Water quality has indeed been improved in the Great Lakes since the introduction of zebra muscles in the mid 80's. The down side that is frequently missed by those who equate clear water with water quality is the very rapid growth of these invaders on city water intakes and powerlant intakes. In some cases plants had to be shut down so that intakes could be cleaned. In addition, anyone who has been to a Great Lake beach knows that now bathers need to wear protective footwear to guard against the very nasty cuts caused by stepping on hard surfaces such as rocks and other freshwater bivalves that are infested with zebra muscles. After reading the first post in this thread I find it somewhat curious that anyone could make the case that zebra muscles do no harm.
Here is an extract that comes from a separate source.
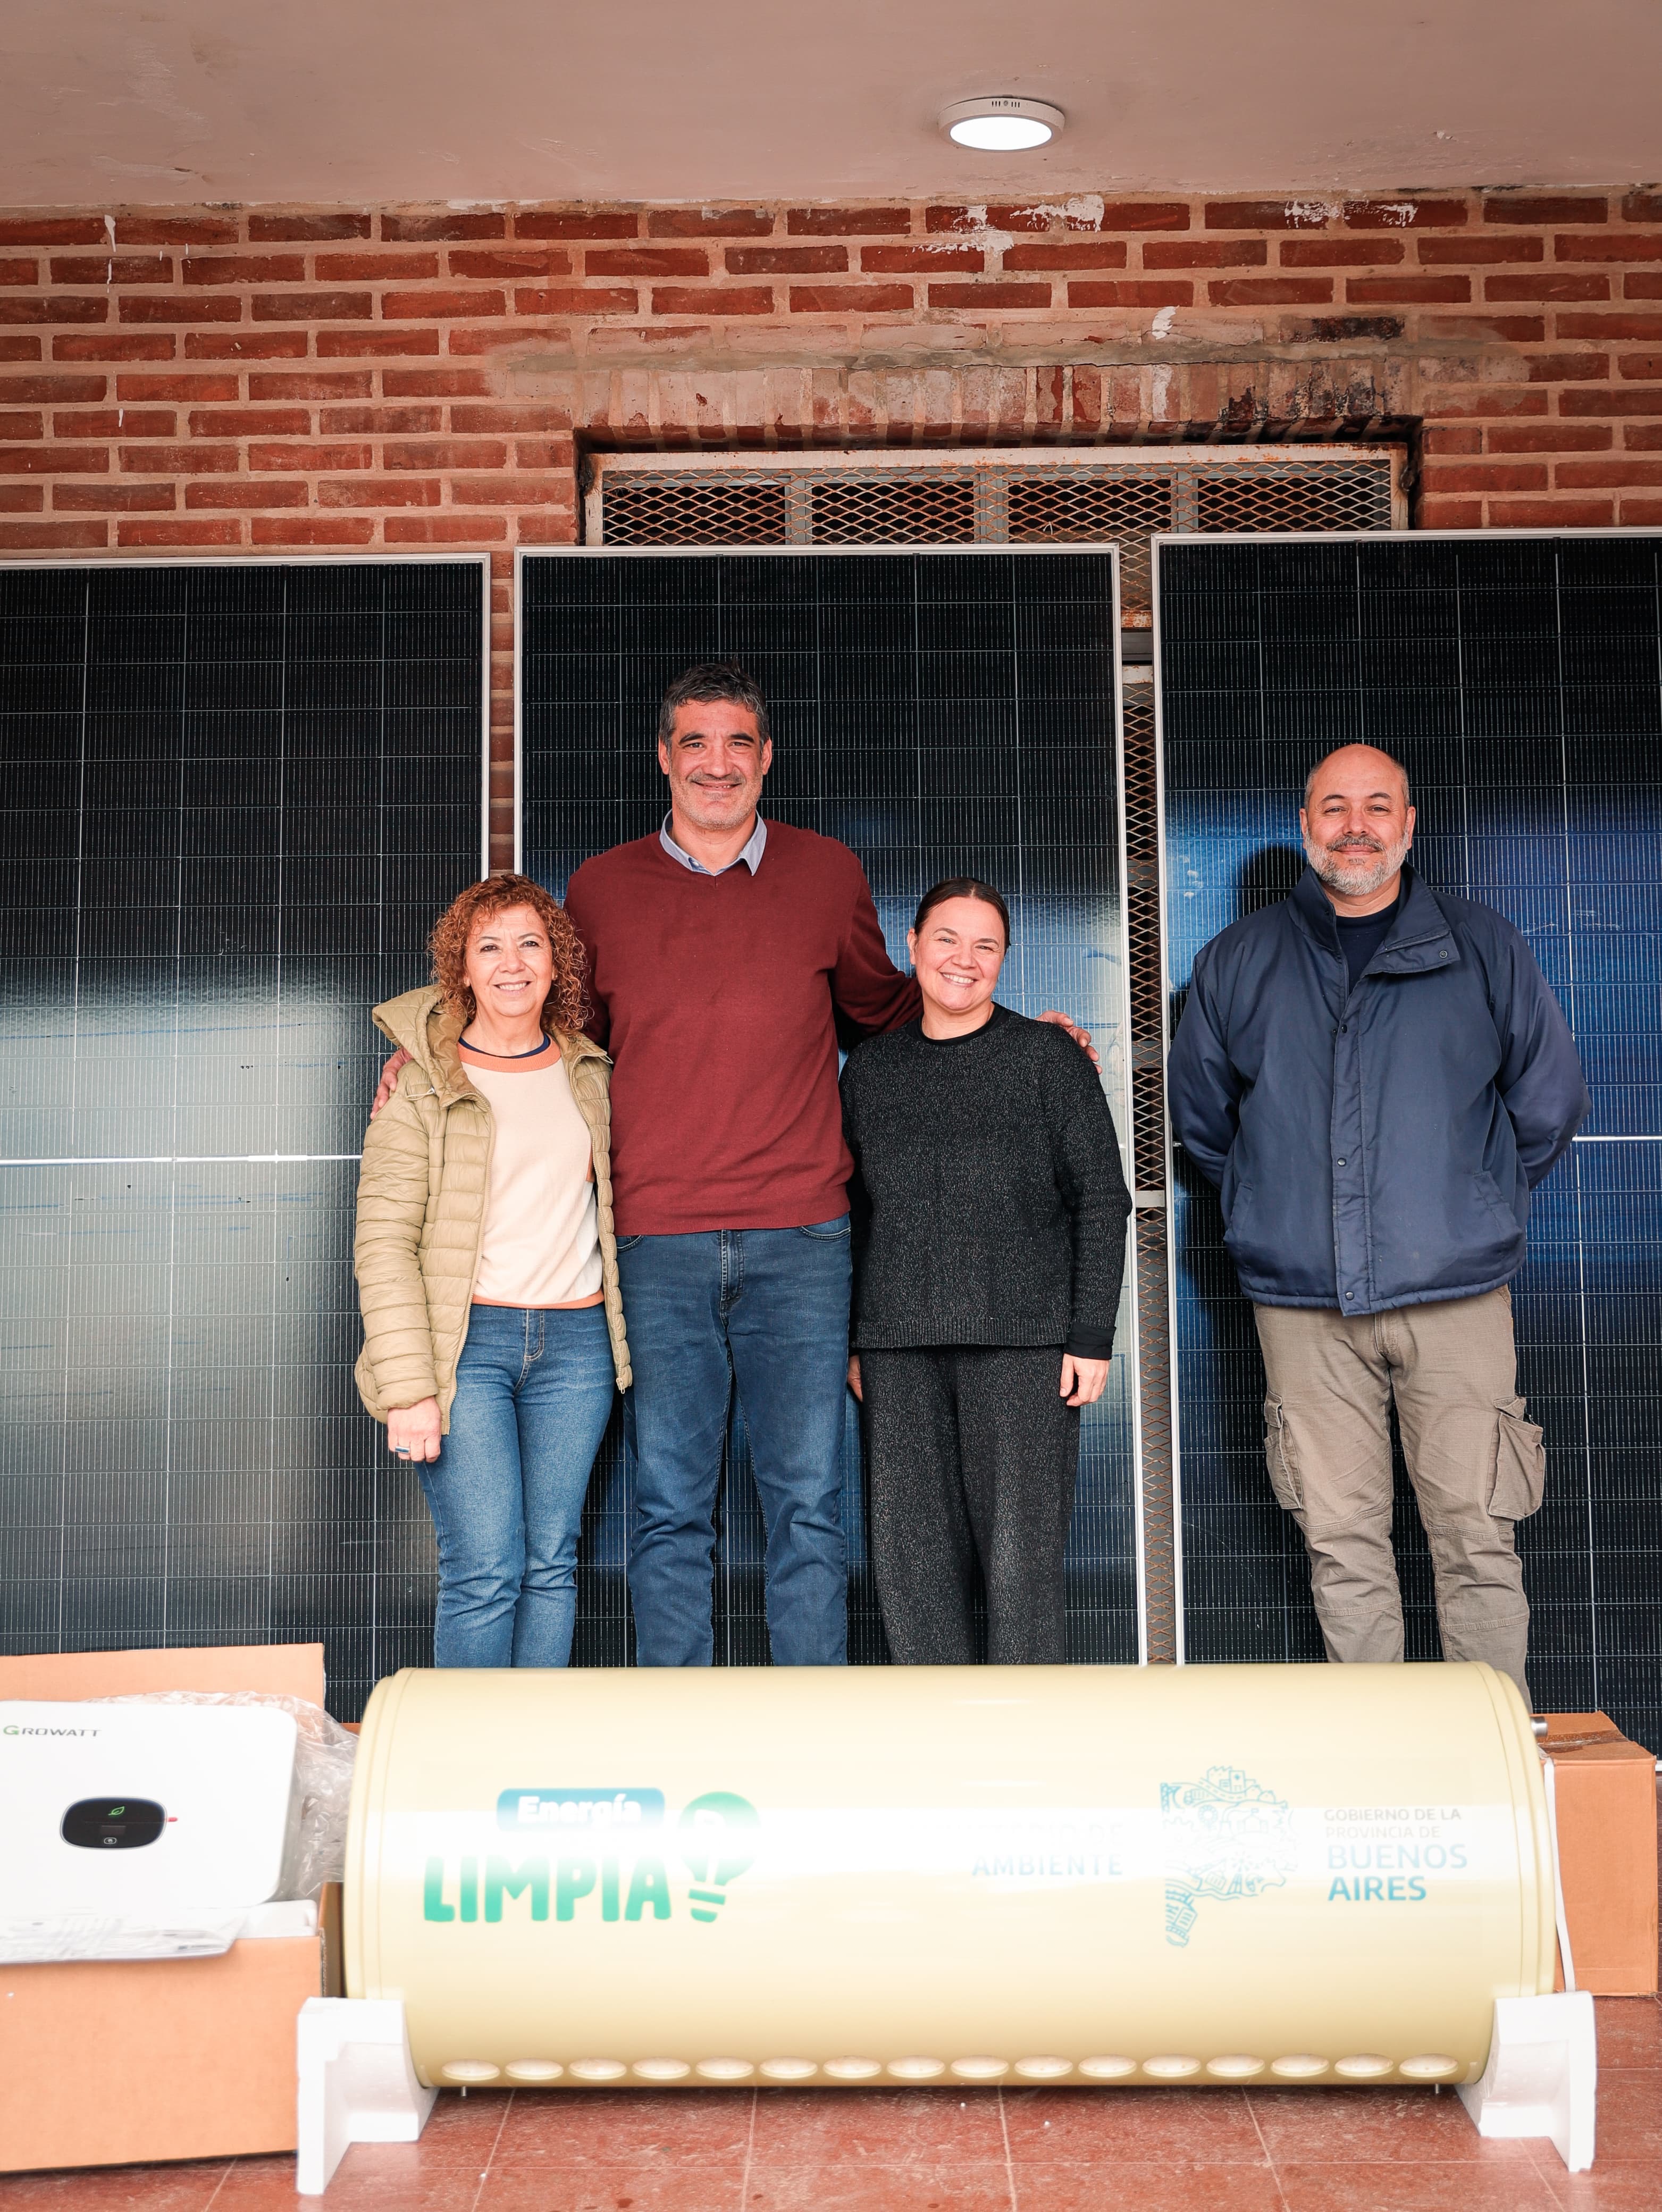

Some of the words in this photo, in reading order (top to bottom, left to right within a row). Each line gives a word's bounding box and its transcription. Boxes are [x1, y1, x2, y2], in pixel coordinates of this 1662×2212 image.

Treating ballast water is not as simple as it seems. UV light treatments and microwave treatments have both been shown to be effective, however both can also be cost/time prohibitive to shipping companies that are already feeling the heat of a stressed economy. Passing legislation making treatment mandatory is a whole different ball of wax.
The invasive species that are already in a new environment are likely to be there forever. Once an invasion has occurred, it's sadly too late. The key then becomes early detection and monitoring to stop the spread to other others.
Organizations like Sea Grant and the Great Lakes Commission are working hard to come up with solutions to this difficult social-political-economical-environmental problem.
Ballast water management plans are already mandatory for ships calling on U.S. ports (and many other countries). Ballast water exchange in the open ocean is by far the most common management technique but filtration and UV and biocidal treatments are used as well.